**Your assignment:** Leaving out the pictures, output each record exactly as it stands.

::::::::

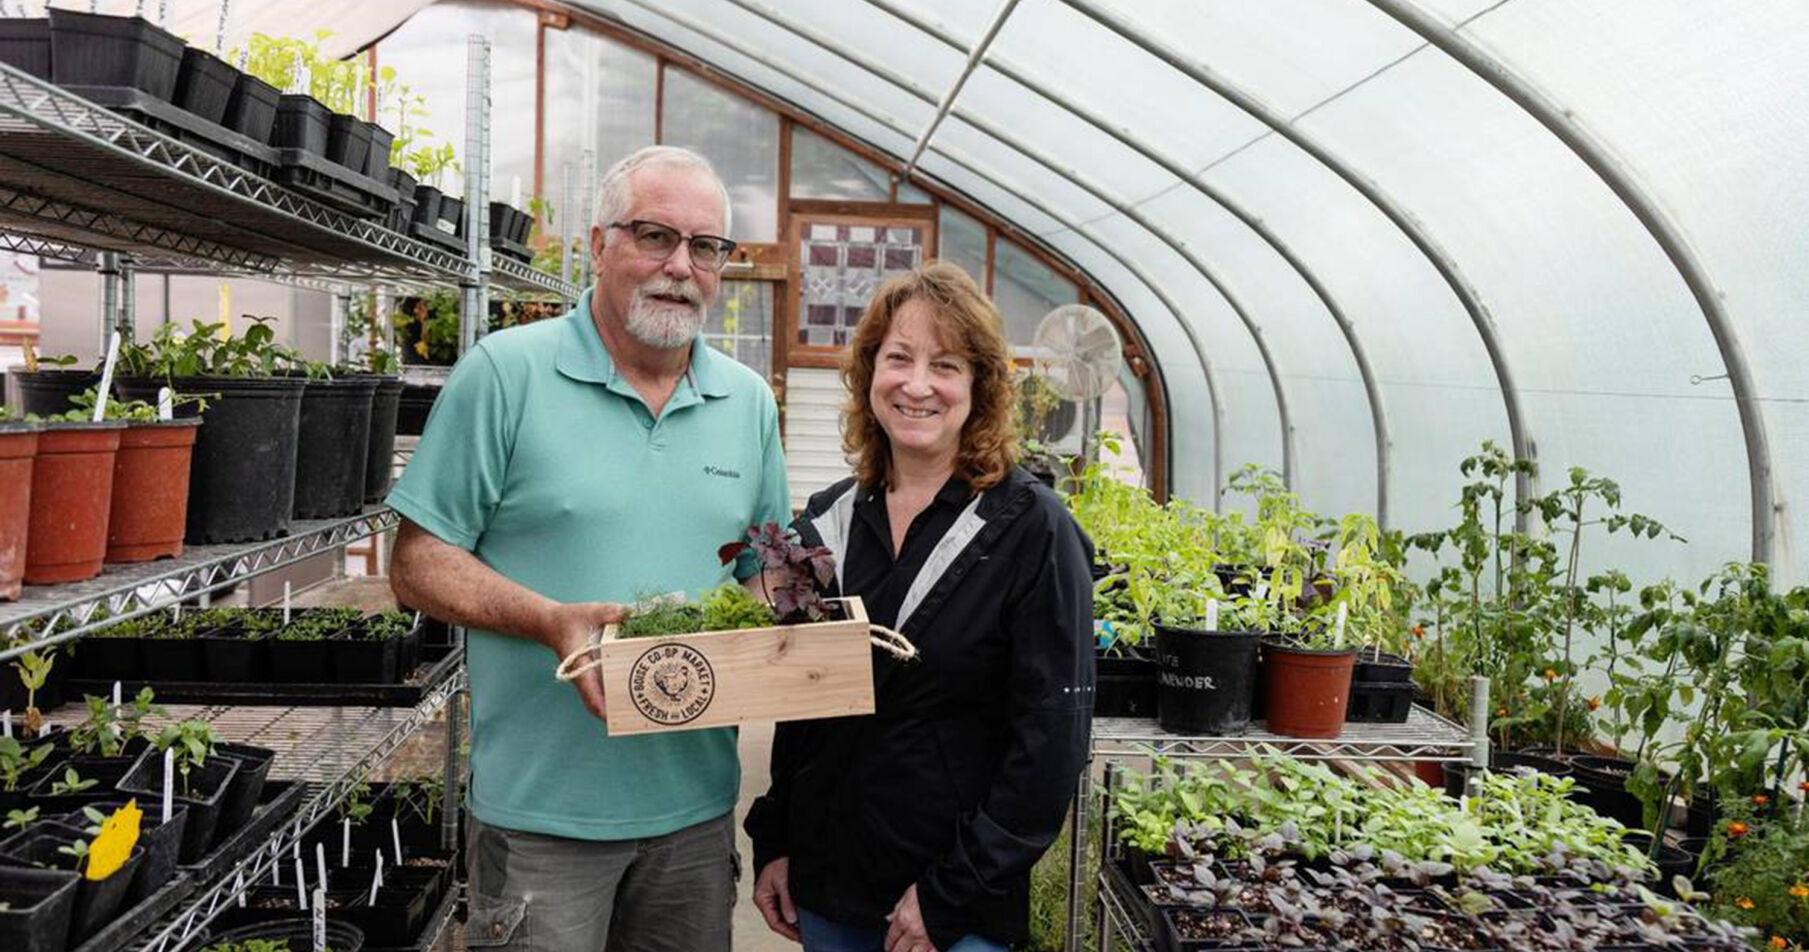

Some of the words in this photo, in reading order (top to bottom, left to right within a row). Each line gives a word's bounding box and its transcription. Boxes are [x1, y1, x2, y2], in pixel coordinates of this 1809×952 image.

[634, 662, 650, 691] BOISE
[647, 647, 678, 664] CO-OP
[681, 650, 710, 685] MARKET
[639, 697, 669, 720] FRESH
[681, 695, 707, 719] LOCAL
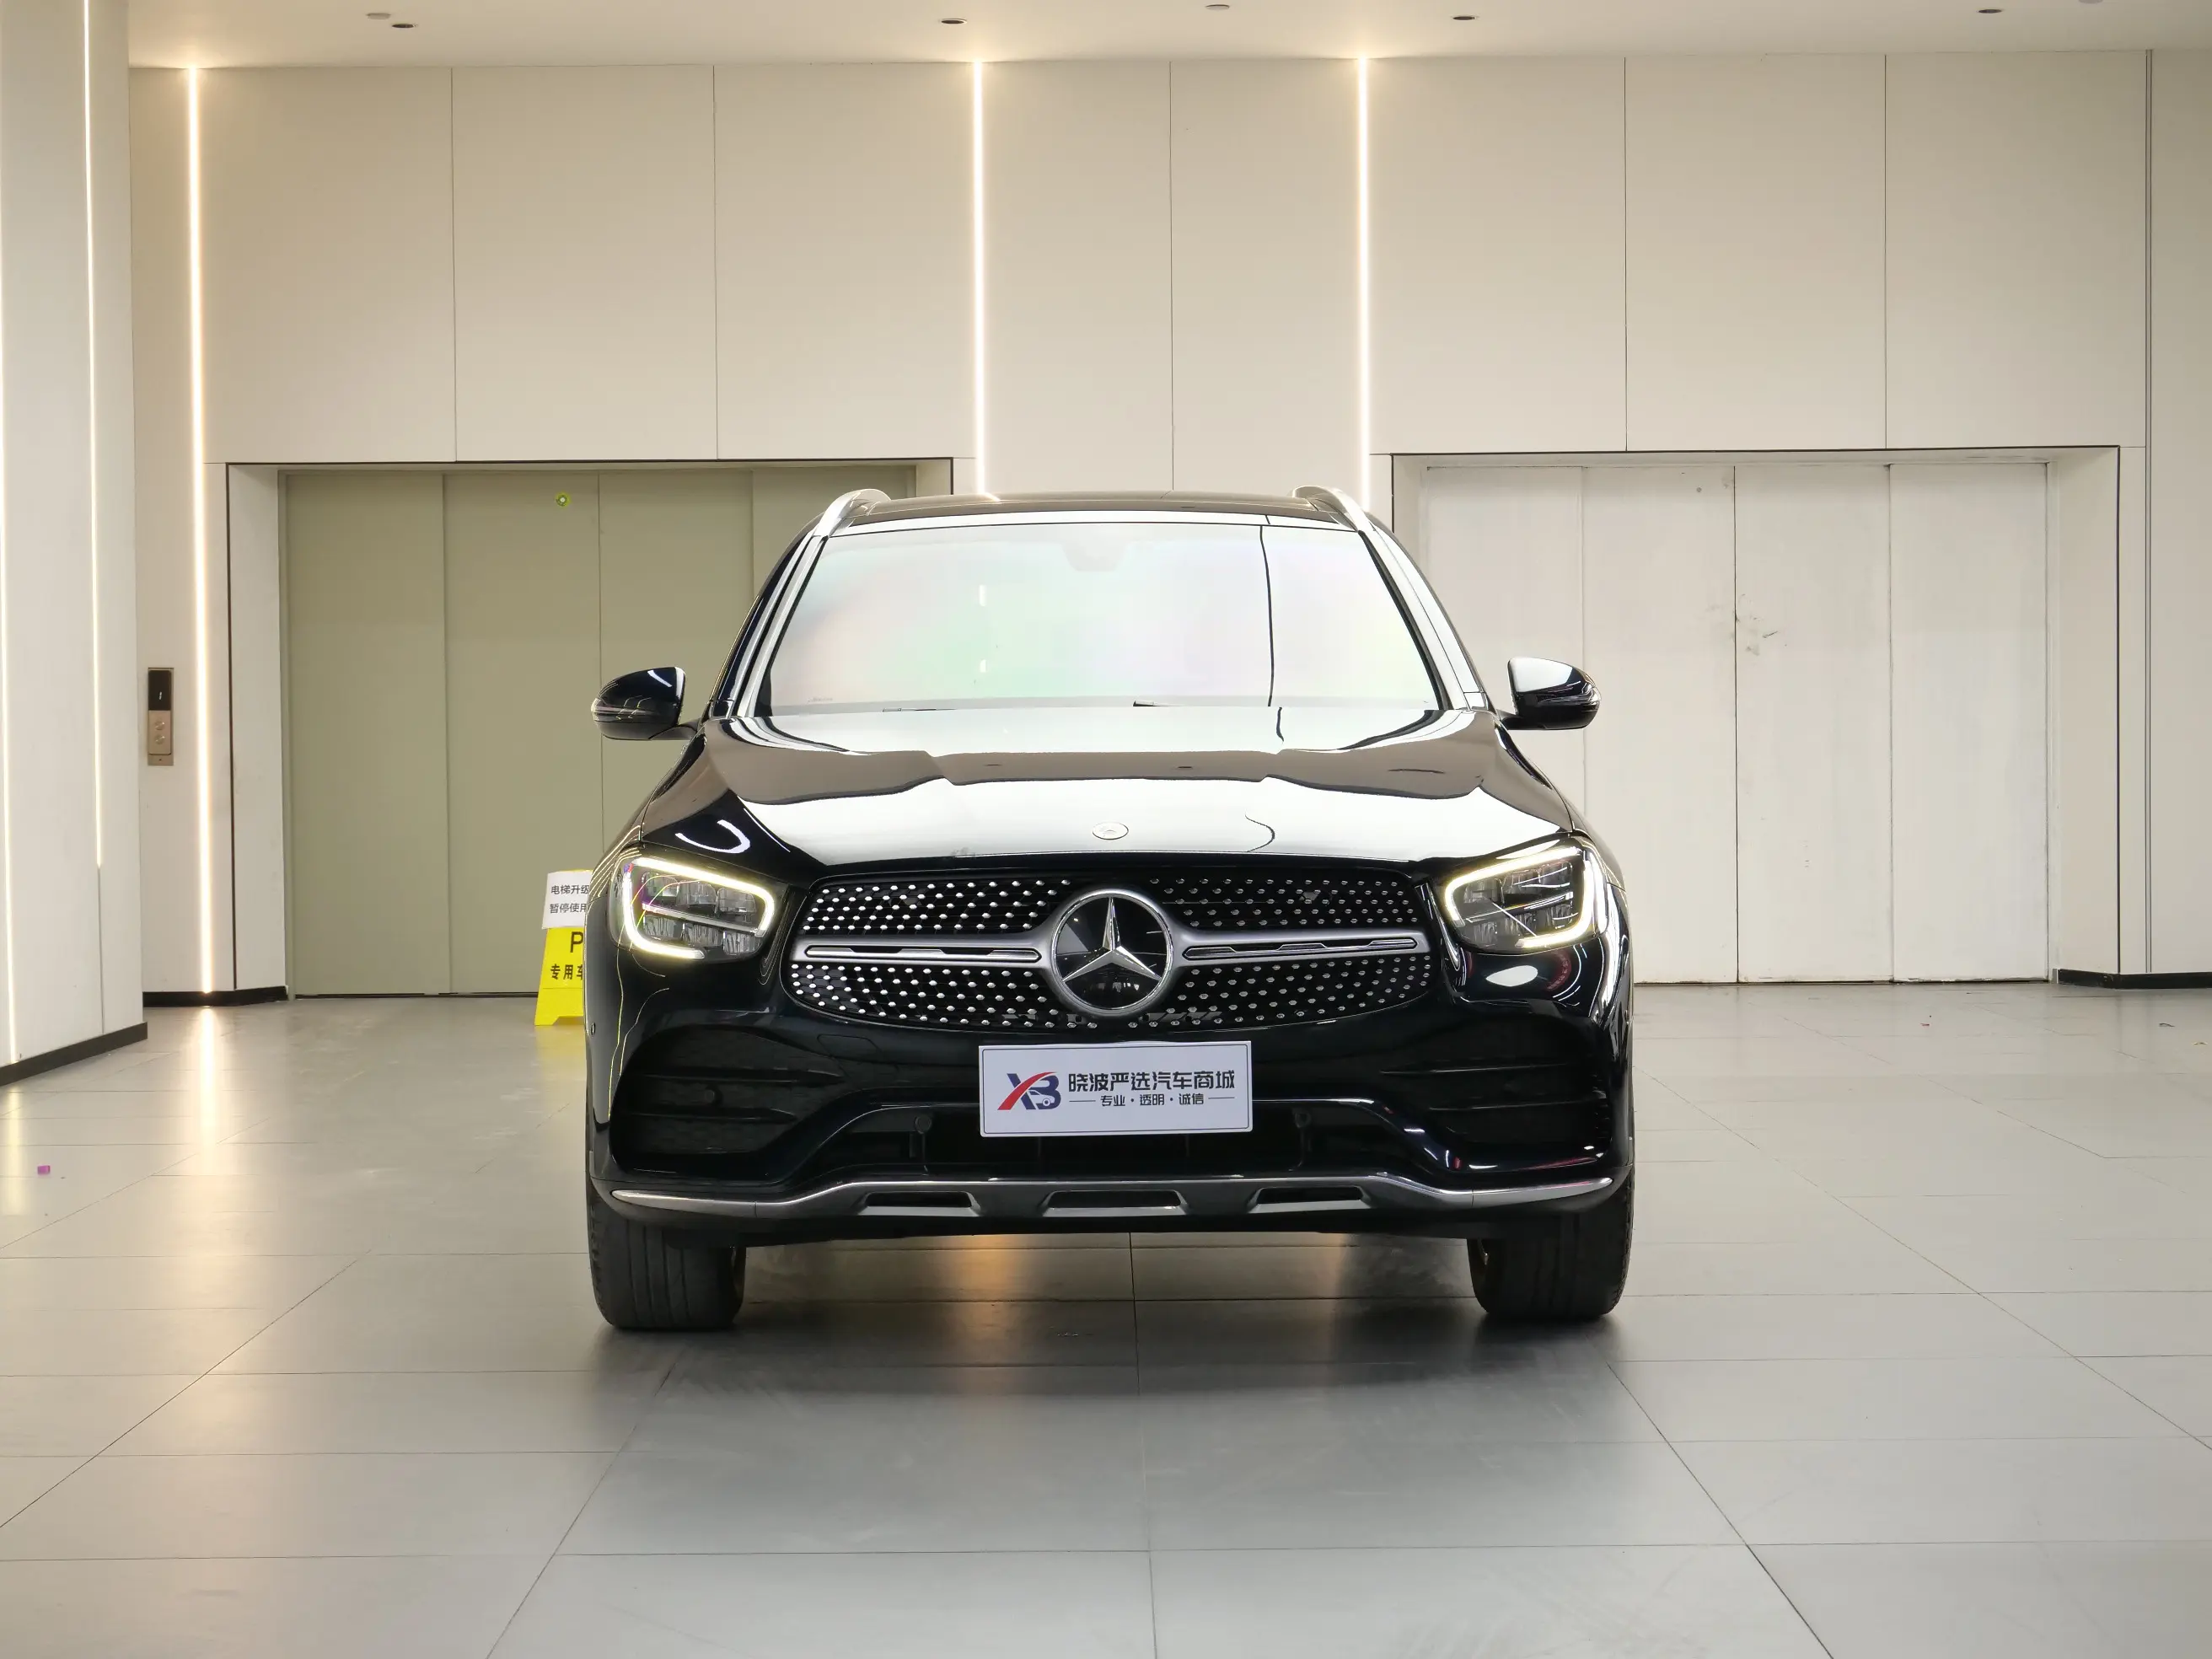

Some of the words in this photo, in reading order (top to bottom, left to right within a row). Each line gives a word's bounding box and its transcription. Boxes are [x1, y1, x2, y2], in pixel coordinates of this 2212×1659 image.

[550, 885, 589, 894] 电梯升级
[570, 932, 583, 953] P
[997, 1071, 1061, 1110] XB
[1068, 1070, 1236, 1092] 晓波严选汽车商城

::::::::

**Task response:**
Some of the words in this photo, in reading order (top to bottom, left to right within a row). Each line gives a word's bounding box and its transcription. Boxes are [x1, y1, x2, y2], in pixel coordinates of this 1809×952 image.

[634, 662, 650, 691] BOISE
[647, 647, 678, 664] CO-OP
[681, 650, 710, 685] MARKET
[639, 697, 669, 720] FRESH
[681, 695, 707, 719] LOCAL

Some of the words in this photo, in reading order (top to bottom, left to right within a row). Each line gives a word's bounding box and its transcription. Boxes are [x1, y1, x2, y2], in pixel coordinates of this 2212×1659 image.

[550, 885, 589, 894] 电梯升级
[570, 932, 583, 953] P
[997, 1071, 1061, 1110] XB
[1068, 1070, 1236, 1092] 晓波严选汽车商城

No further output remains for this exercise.